Ten years ago, Medicare was a runaway freight train. Spending was projected to increase indefinitely, rising to 13 percent of GDP by 2080. This year, spending is projected to slow down around 2040, and reaches only 6 percent of GDP by 2090.

Six percent! That’s half what we thought a mere decade ago. If that isn’t spectacular, I don’t know what is.

The 2005 projection was based on past performance, which showed costs rising ceaselessly every year. That turned out to be wrong. This year’s projection is also based on past performance, which shows that costs have flattened substantially since 2008. Will it turn out to be wrong too? Come back in 2025 and I’ll tell you.

In any case, this illustrates the big difference between cost projections for Social Security and Medicare. Social Security is basically just arithmetic. We know how many people are going to retire, we know how long they’re going to live, and we know how much we’re going to pay them. Do the math and you know how much the program will cost us. It can change a bit over time, as projections of things like GDP growth or immigration rates change, but that happens at the speed of molasses. There are very few surprises with Social Security.
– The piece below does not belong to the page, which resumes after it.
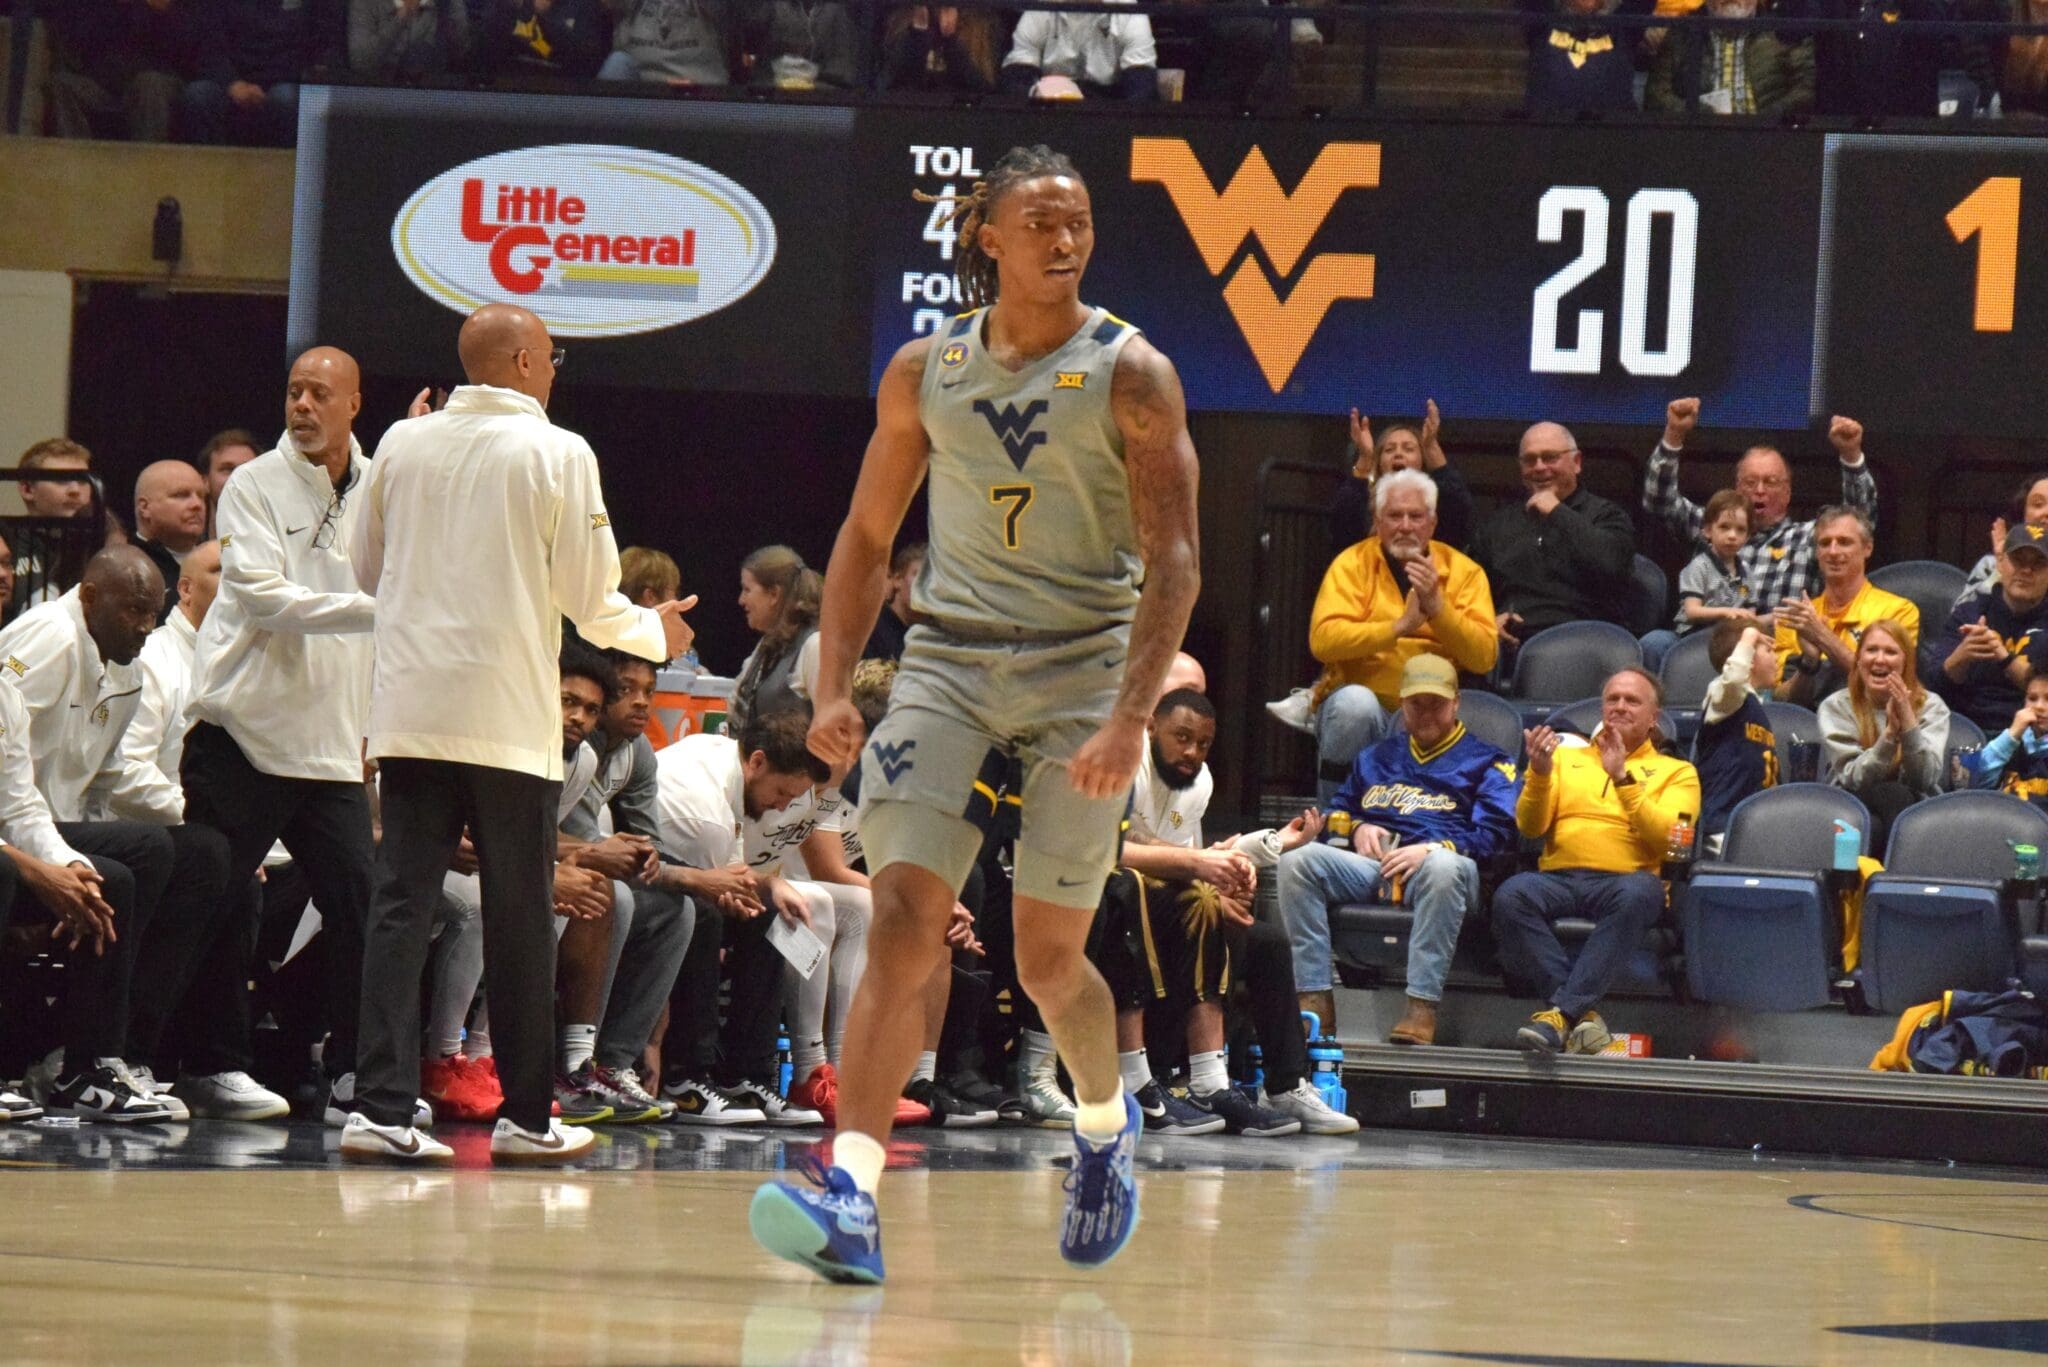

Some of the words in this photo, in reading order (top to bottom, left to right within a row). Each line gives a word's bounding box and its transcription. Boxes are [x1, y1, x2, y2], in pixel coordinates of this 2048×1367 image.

Medicare has all that, but it also has one more thing: the actual cost of medical care. And that’s little more than an educated guess when you start projecting more than a decade ahead. Will costs skyrocket as expensive new therapies multiply? Or will costs plummet after someone invents self-sustaining nanobots that get injected at birth and keep us healthy forever at virtually no cost? I don’t know. No one knows.

Beyond that, it’s always foolish to assume that costs will rise forever just because they have in the past. Medicare is a political program, and at some point the public will decide that it’s not willing to fund it at higher levels. It’s not as if it’s on autopilot, after all. We live in a democracy, and after lots of yelling and fighting, we’ll eventually do something about rising medical costs if we simply don’t think the additional spending is worth it.

Still, the news for now is pretty good. I happen to think the slowdown in medical costs is real, and will continue for some time (though not at the extremely low rates of the past few years). For more on this, see here, here, and here. Others think it’s a temporary blip due to the recession, and big increases will return in a few years. We’ll see.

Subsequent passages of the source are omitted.